Sara Kear, chief marketing officer at Condado Tacos, dropped a bombshell during a panel discussion hosted by ezCater at the eighth-annual Food On Demand Conference.

Sara Kear, CMO at Condado Tacos
“This week we’re hitting a catering record,” she said about the casual taco and tequila concept with more than 50 locations. “We’re on pace to hit more than a half-million dollars in catering sales.”
Considering this is a brand that had nearly 12,000 catering orders in 2024, with an average order value of $600, this was juicy stuff. How did the brand achieve this?
“From a competitive standpoint, catering is less saturated,” she said. “In Columbus, where we are headquartered, we have seven locations and more than 50 competitors. But if you’re looking at off-premises to-go delivery, we have six.”
Advertising on Google convinced Kear this was a savvy point of emphasis.
“Our non-brand catering return on ad spend in Google Search was more than $14 non-brand, which means people were not typing in Condado as their search term,” she said. “That shows you how much more profitable catering is. It made it easy to make decisions around digital marketing.”
Once Condado realized the market was responding in this way, it decided to invest 20 percent of its paid media budget to catering. “We’re just now scaling that back as consumers are organically finding us, thanks in part to our website optimization,” she said.

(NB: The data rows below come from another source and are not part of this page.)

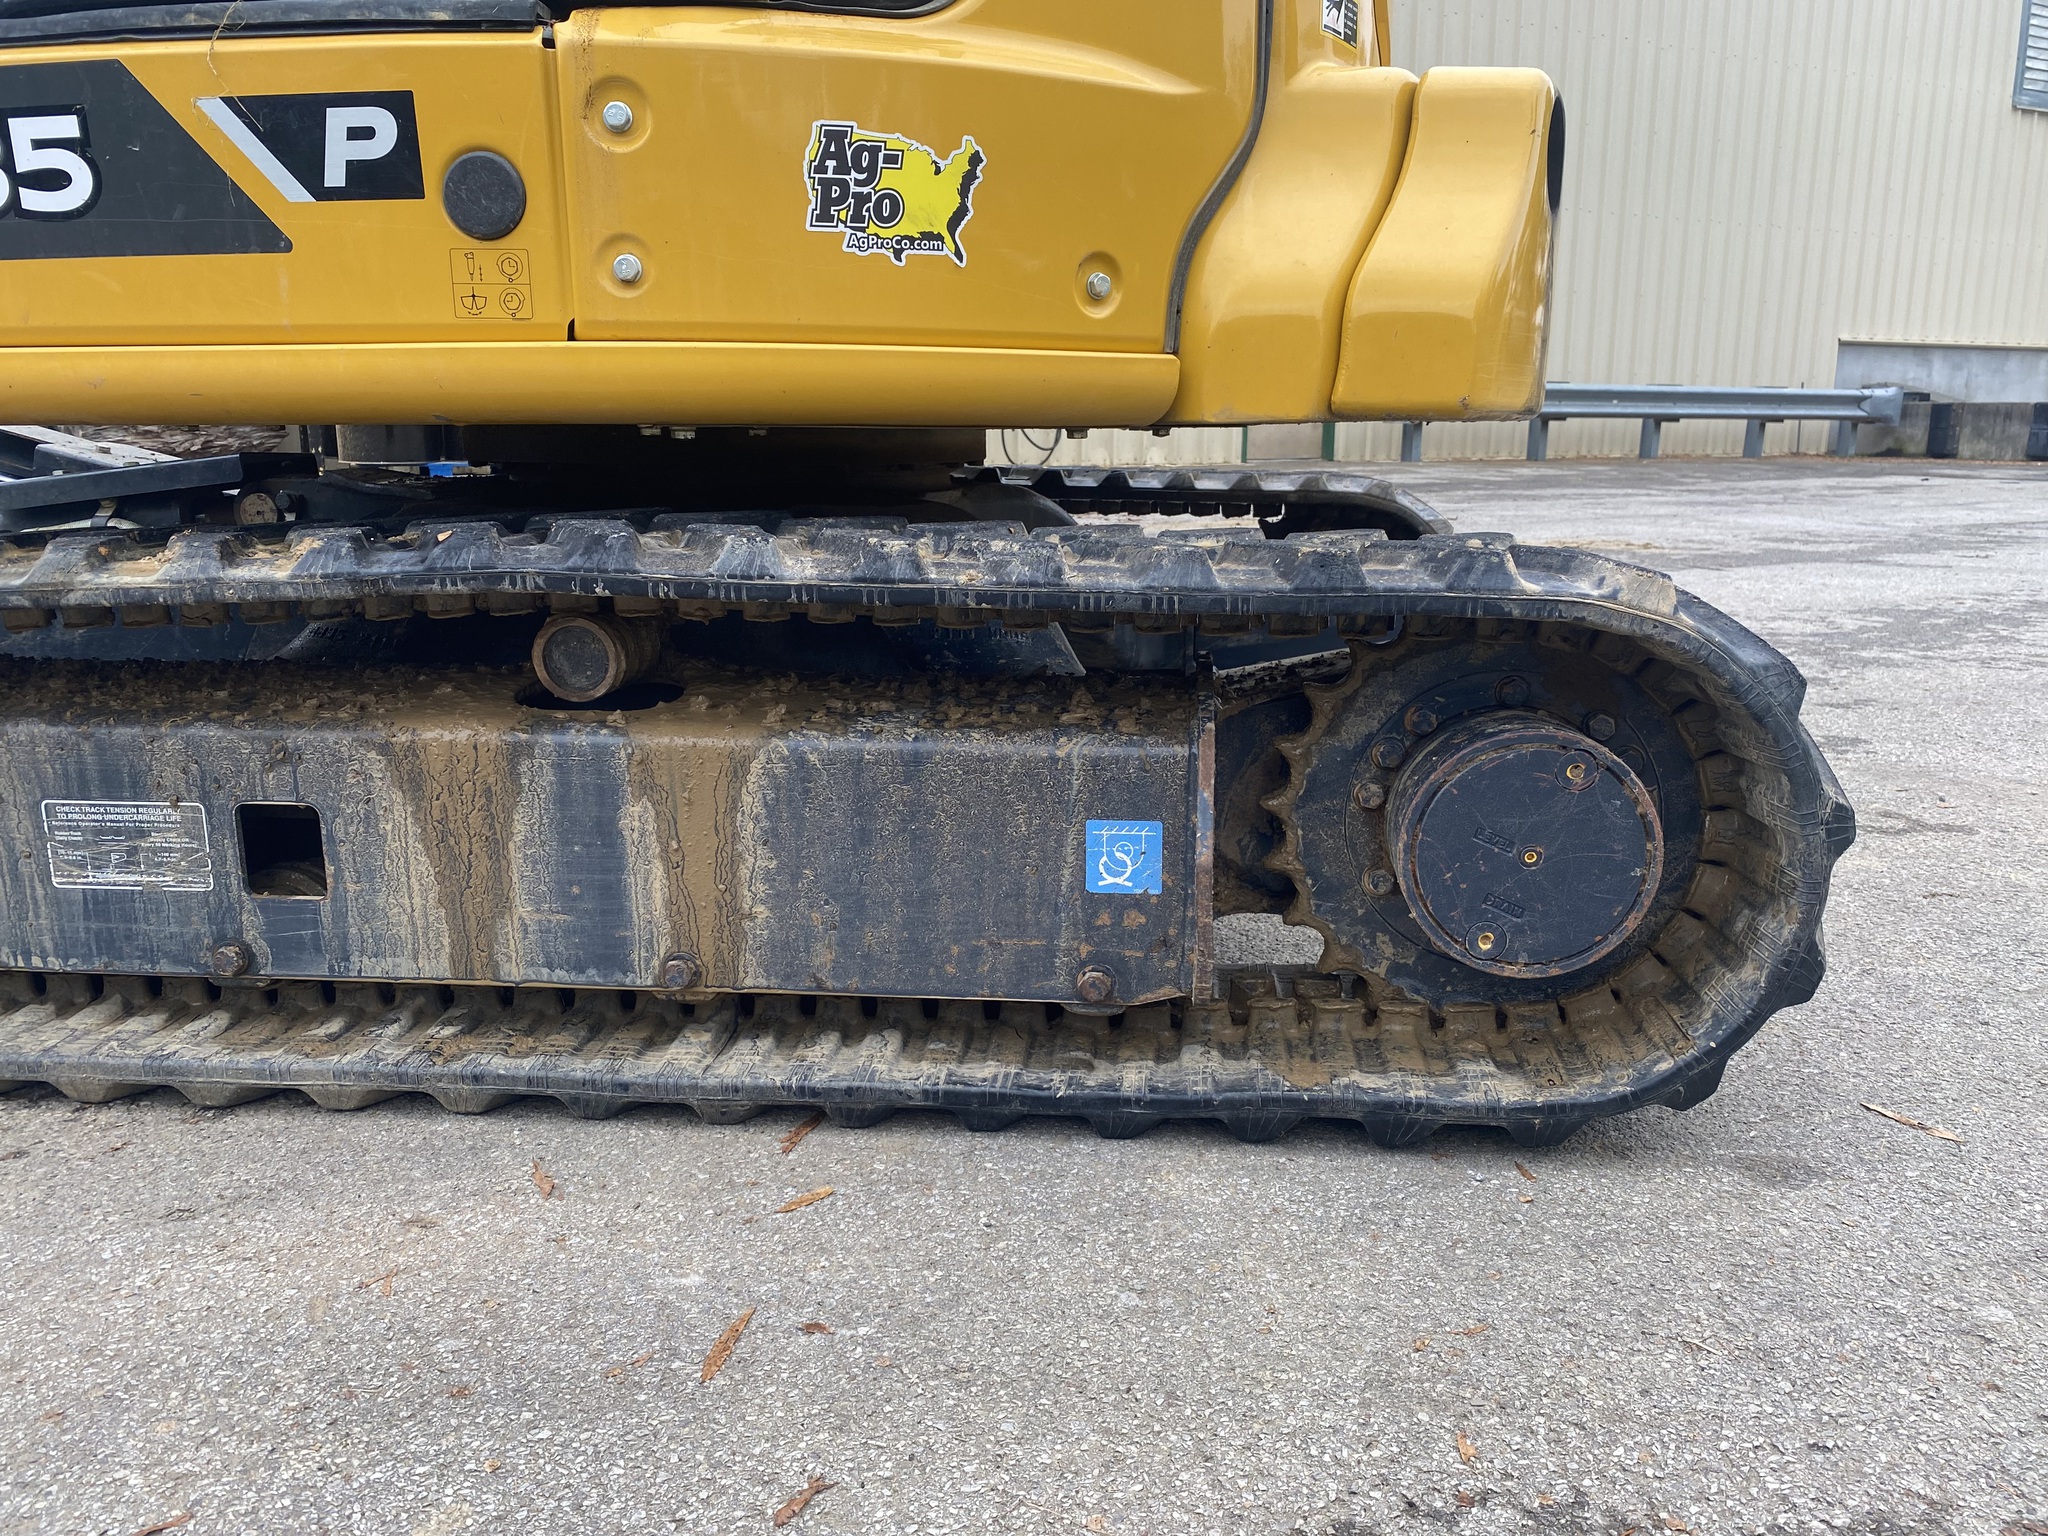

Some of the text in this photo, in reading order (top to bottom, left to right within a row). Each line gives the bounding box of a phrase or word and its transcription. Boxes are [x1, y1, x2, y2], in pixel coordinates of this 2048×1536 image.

[324, 106, 398, 188] P
[809, 124, 905, 188] Ag-
[0, 115, 93, 212] 5
[810, 177, 905, 230] Pro
[847, 234, 945, 252] AgProCo.com
[68, 813, 102, 821] PROLONG
[103, 814, 165, 822] UNDERCARRIAGE
[105, 806, 138, 814] TENSION
[1475, 828, 1513, 853] LEVEL
[1486, 894, 1523, 918] DRAIN

Catering today represents about 12 percent of the brand’s overall sales, according to a recent LinkedIn post, and has become a major topic at the highest levels in the C-Suite. “We talk about catering as a priority at every executive and board meeting,” Kear says.
One of the things the brand has discussed is where to locate catering in the company’s flowchart. For year it existed under operations. But now it resides somewhere different.
“We recently moved catering to our marketing team,” she said. “This allows us to have more discussions about strategic growth and positioning, although the bond between operations and marketing hasn’t much changed.”
And neither has the brand’s philosophy toward catering.
“We view it as a marketing tool,” she said. “It’s a first impression of your brand. It’s important to get it right.”